By Jon Waraas - First Published: May 4th, 2024
I have learned a lot since launching the Googlebot Tracker 4200 tool a couple of months ago.
Today, I want to share one of my lab results with you.
A little backstory: I developed the Googlebot Tracker 4200 to track all of the Googlebot traffic on my blog here (Waraas.Com). My goal it to research and study the cute little Googlebots, so I can better understand how Google search works.
One thing I have found..
Googlebots will crawl your website's dedicated IP address.
As you can see from the screenshot below, a Googlebot crawled my /robots.txt page via the websites dedicated IP address.
Note the load time for that bot, it's fast AF! The reason is because the IP version of the website doesn't have to run the DNS, which saves a lot of load time. Thus faster load times.
So most websites are hosted on something called "shared hosting", which hosts lots of different websites all on one IP address.
There are only a limited number of IP addresses on the World Wide Web, so in order to save time and money, most hosting providers use shared IP's.
However, you can upgrade your hosting to get a "dedicated IP address", like I did for my blog here (Waraas.Com).
The advantage of using a dedicated IP address is the speed. There is only 1 website on the IP address, which means less resources are being used, thus faster loading speeds.
Dedicated IP's also add on a trustworthiness factor, since they are rare, and are mostly used by popular/trustworthy websites. This factor is why some believe that dedicated IP's might help their website's rank higher on Google.
So it's interesting to see that Google is actually crawling this website via the dedicated IP address.
Whether or not you believe that dedicated IP addresses are a ranking factor on Google.. we can all agree that Google checks to see if your website has a dedicated IP address.
Google certainly checked to see if this blog (Waraas.Com) has a dedicated IP address.
The problem is that the IP version of this blog will spew out SSL errors, since the SSL isn't set up to run on the dedicated IP address version. So I need to do some testing, and see how much Google uses the websites dedicated IP address.
If the Googlebots are getting errors (such as SSL errors), then Google might rank my site lower in the search engine results.

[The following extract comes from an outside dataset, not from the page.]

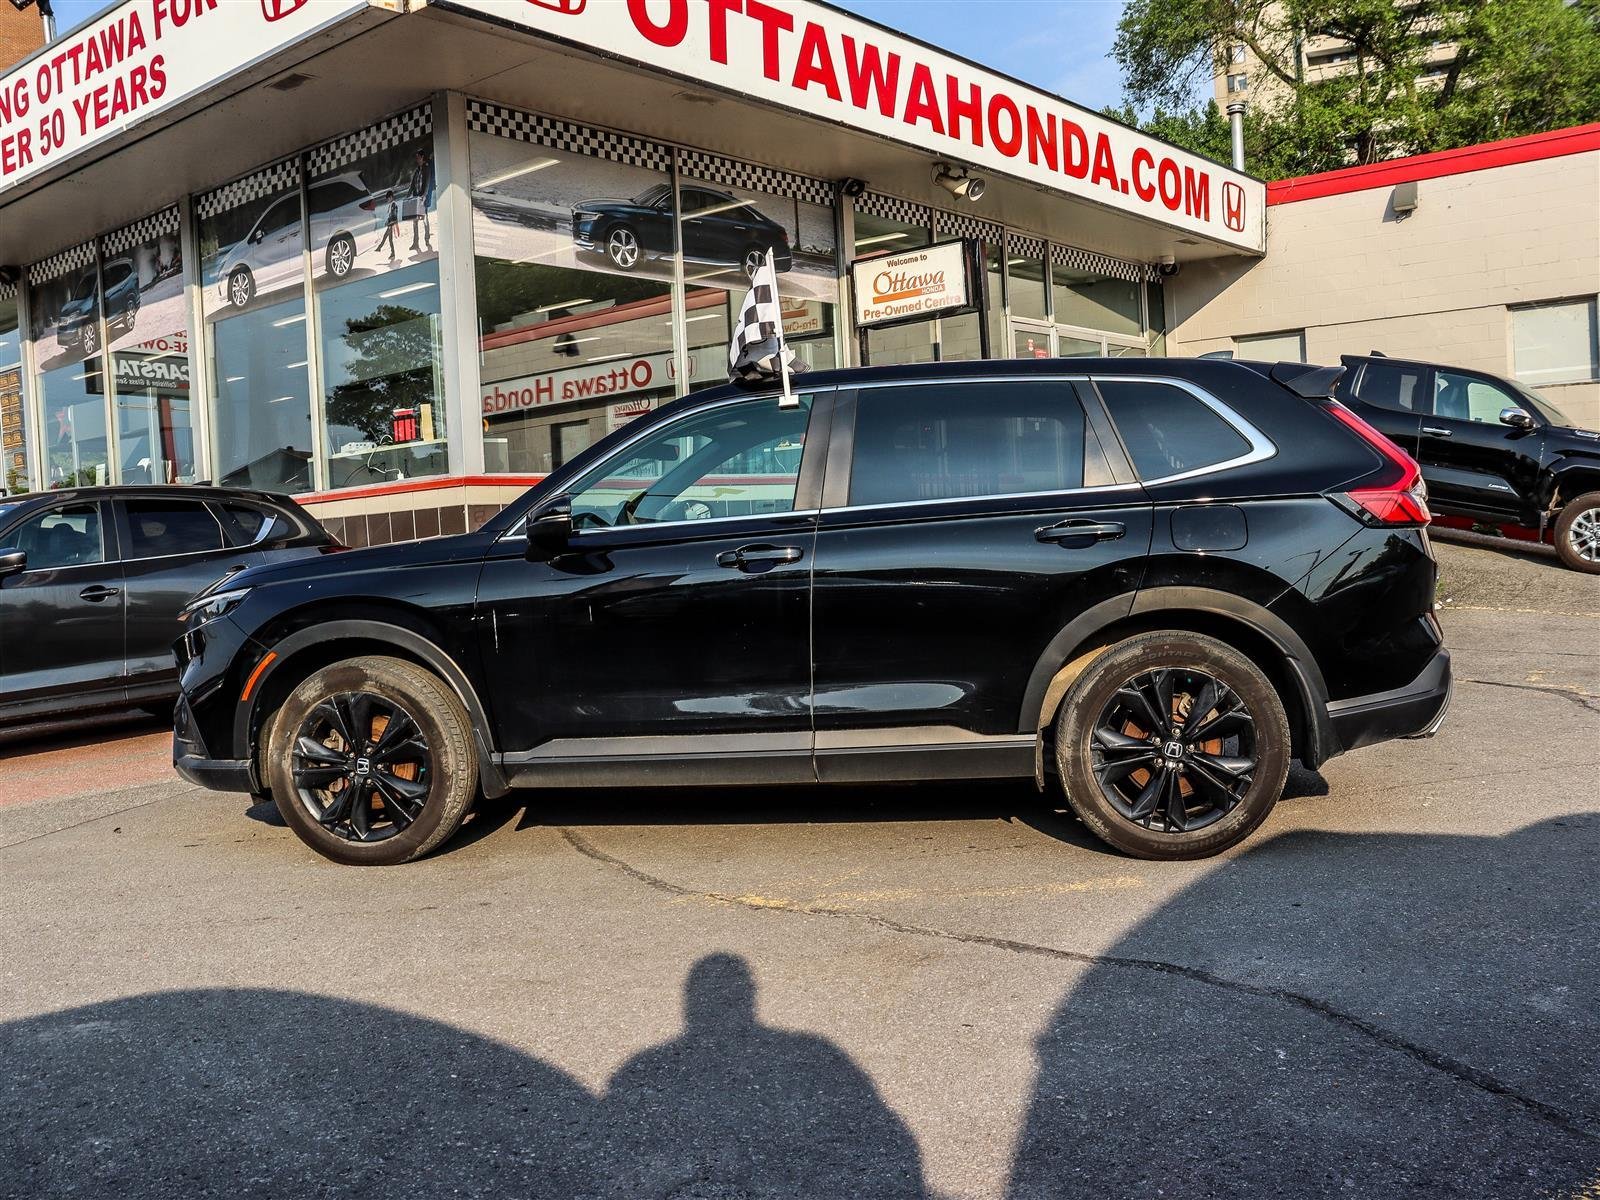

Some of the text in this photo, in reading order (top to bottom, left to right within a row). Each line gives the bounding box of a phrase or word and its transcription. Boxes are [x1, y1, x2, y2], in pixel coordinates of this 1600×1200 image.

I need to test this aspect more.
Is this a fluke? Did I make a mistake coding the Googlebot Tracker 4200?
Just to be safe, I did make a few updates to the tool.
1st: I added a function that will check to see if the crawled URL is secure. This is important to check, since my websites SSL (https) doesn't work correctly when you view the website via the dedicated IP.
I want to see if the Googlebot is getting the secured version of the website when it's browsing via the dedicated IP.
2nd: I added the "requestedResource" aspect into its own function. This aspect grabs the URL that is being used, no matter if its the domain or dedicated IP version.
I made these updates so I can reuse this feature in other places, and to clean up the code in general.
You can see my current Googlebot Tracker 4200 code below:
With the small updates above, I should be able to track the Googlebots better, so I can study them even more.
Please leave a comment below if you have any suggestions at all for the Googlebot tracker tool, or have any questions :)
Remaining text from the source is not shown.